In Re Ames Department Stores, Inc.
127 B.R. 744, 1991 WL 94422, 1991 Bankr. LEXIS 1445 (1991)
Rule of Law:
Under Illinois law, a transfer of all the stock issued by a corporate tenant does not effect an assignment of the lease unless the lease expressly includes a change-of-control provision. In bankruptcy, 11 U.S.C. § 365(b)(3)(D), which requires adequate assurance that assignment of a shopping center lease will not disrupt tenant mix, enforces only legally cognizable contractual protections for tenant mix, not general undefined notions of tenant mix.
Facts:
- On June 7, 1965, Zayre of Illinois, Inc., a wholly-owned subsidiary of Zayre Corp., entered into a 20-year lease with Pioneer Trust and Savings Bank for premises in The Thatcher Woods Shopping Center.

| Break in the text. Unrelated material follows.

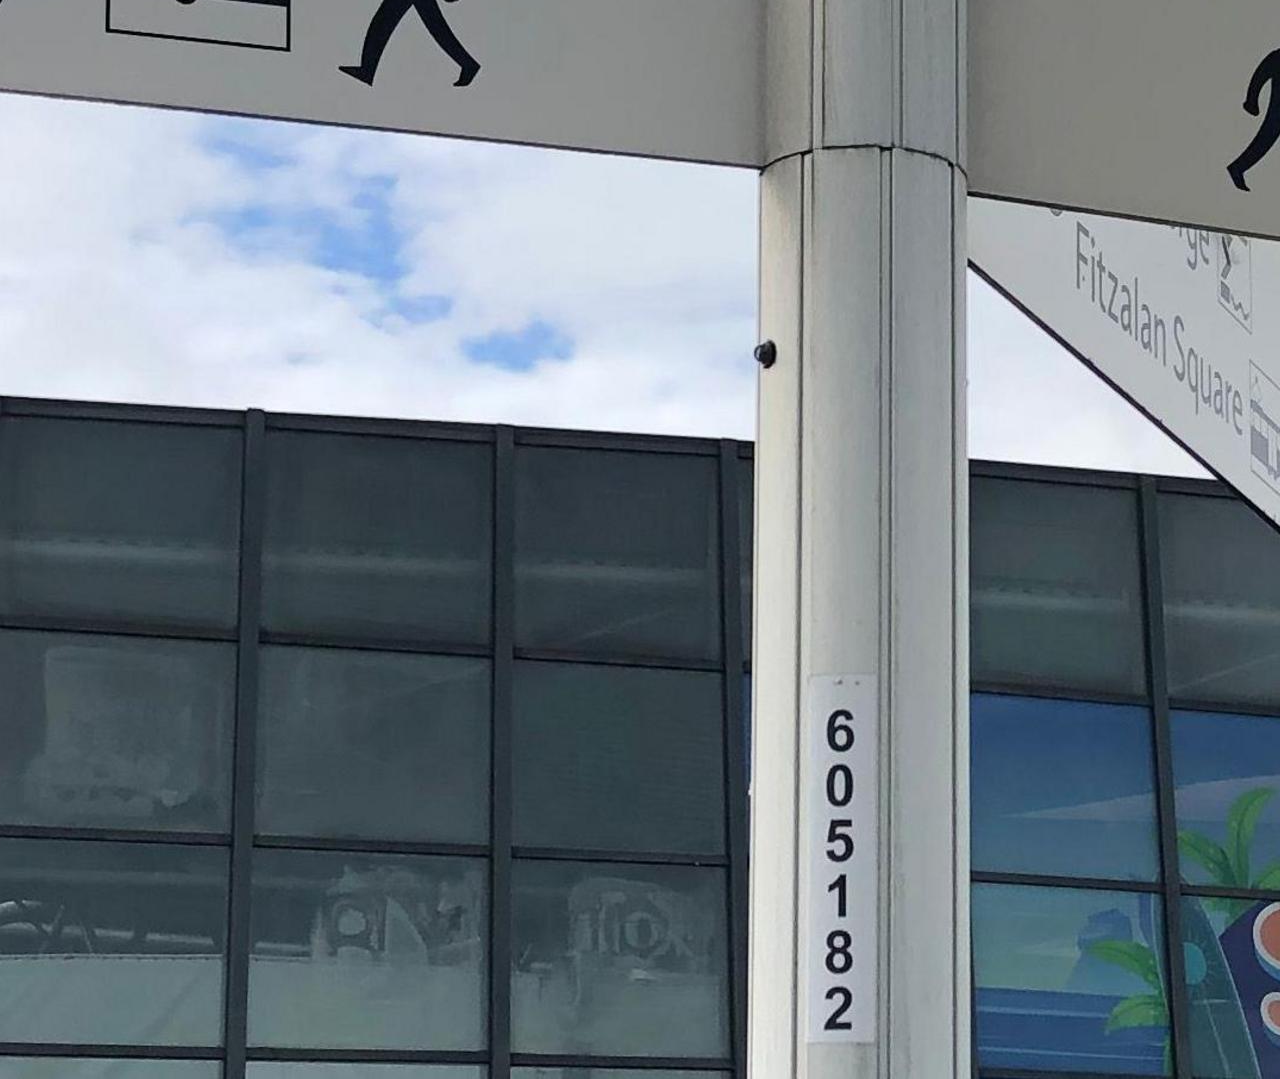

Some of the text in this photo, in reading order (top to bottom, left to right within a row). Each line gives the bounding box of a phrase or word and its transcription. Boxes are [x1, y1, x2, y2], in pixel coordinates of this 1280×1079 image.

[1075, 220, 1244, 436] Fitzalan Square
[823, 709, 855, 1031] 605182

- The Lease allowed assignment to affiliated business organizations (defined as those controlling the corporation by majority stock ownership) without landlord's consent, but it did not contain a provision deeming a change of control of the corporate tenant an assignment.
- The Lease did not expressly restrict the use of the premises in any fashion, and no other tenant leases restricted the use of the Zayre premises.
- Prior to 1986, Zayre of Illinois, Inc. transferred the Lease to its 100% parent company, Zayre Corp., which Pioneer did not dispute, primarily due to the ongoing Zayre Corp. guarantee.
- On September 15, 1988, Zayre Corp. and Ames Department Stores, Inc. agreed for Ames to purchase substantially all of Zayre Corp.'s discount store assets.
- On October 25, 1988, in contemplation of the Ames transaction, Zayre Corp. assigned the Lease to Zayre Illinois, another existing wholly-owned subsidiary of Zayre Corp.
- On October 27, 1988, Zayre Corp. sold all of the stock issued by Zayre Illinois to Ames.
- Schottenstein Stores Corp. plans to use most of the Lease premises for a furniture store and sublet the remainder, an action permitted by the Lease's terms.
Procedural Posture:
- Zayre Illinois, the debtor, filed a petition for bankruptcy on April 25, 1990.
- Zayre Illinois sought an order from the Bankruptcy Court to permit it to assign an unexpired lease to Schottenstein Stores Corp.
- Pioneer, the current landlord, objected to the assignment, arguing that the Lease had been terminated prior to bankruptcy and that the proposed assignment would violate 11 U.S.C. § 365(b)(3) of the Bankruptcy Code.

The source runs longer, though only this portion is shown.